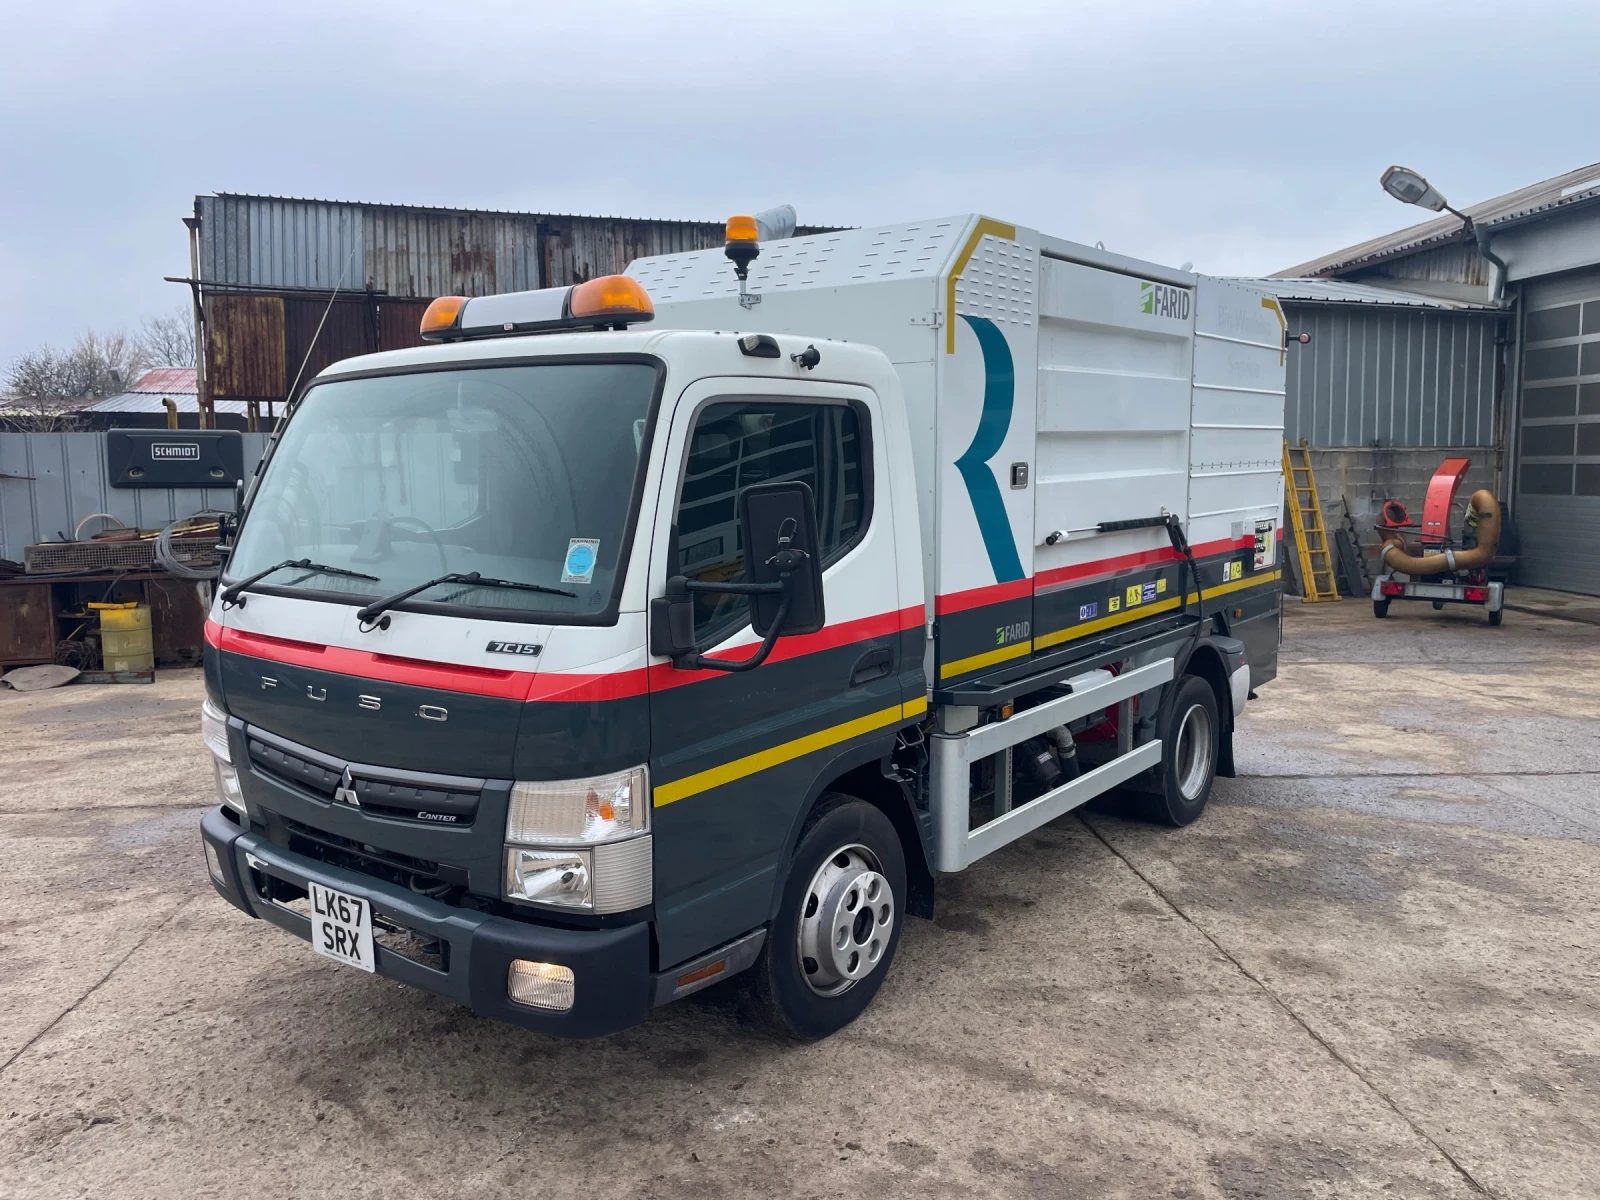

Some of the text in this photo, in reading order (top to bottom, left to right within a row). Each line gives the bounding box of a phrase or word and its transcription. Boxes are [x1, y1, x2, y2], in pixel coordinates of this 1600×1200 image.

[1154, 285, 1190, 320] FARID
[155, 447, 196, 456] SCHMIDT
[494, 642, 536, 654] 7C15
[1005, 621, 1030, 642] FARID
[261, 676, 448, 722] FUSO
[313, 886, 363, 927] LK67
[322, 922, 361, 960] SRX
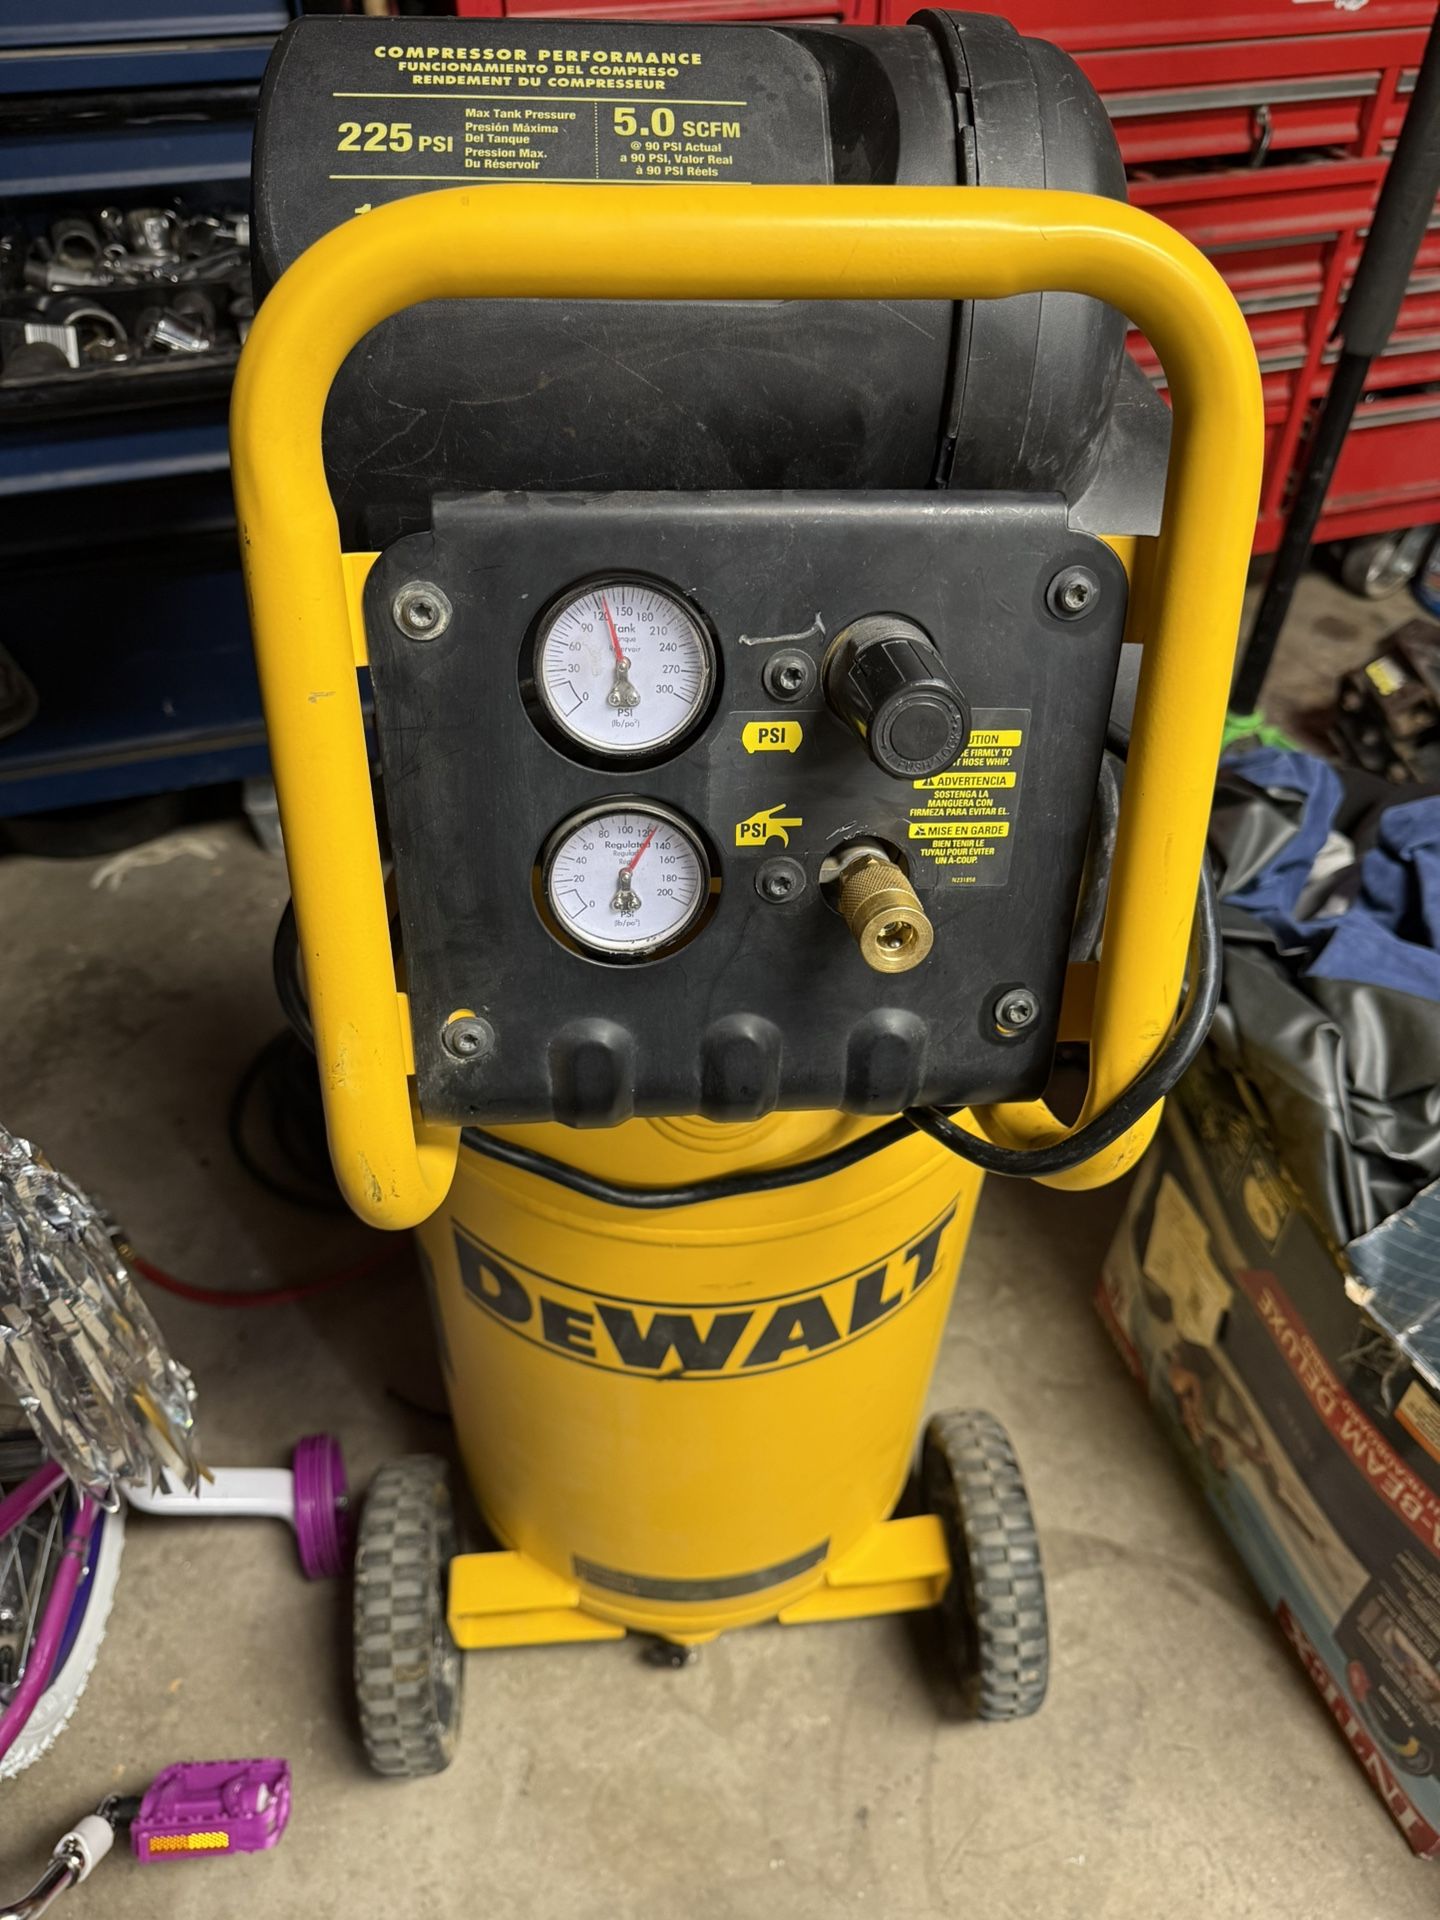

━━━━━━━━━━━━━━━━━━━━

• _REQUIRED WORK_: Leaving aside the images, write out the entries above word for word.

• _OUTPUT BELOW_:
Some of the text in this photo, in reading order (top to bottom, left to right within a row). Each line gives the bounding box of a phrase or word and its transcription. Boxes are [x1, y1, x2, y2], in pixel coordinates of this 1600×1200 image.

[1154, 285, 1190, 320] FARID
[155, 447, 196, 456] SCHMIDT
[494, 642, 536, 654] 7C15
[1005, 621, 1030, 642] FARID
[261, 676, 448, 722] FUSO
[313, 886, 363, 927] LK67
[322, 922, 361, 960] SRX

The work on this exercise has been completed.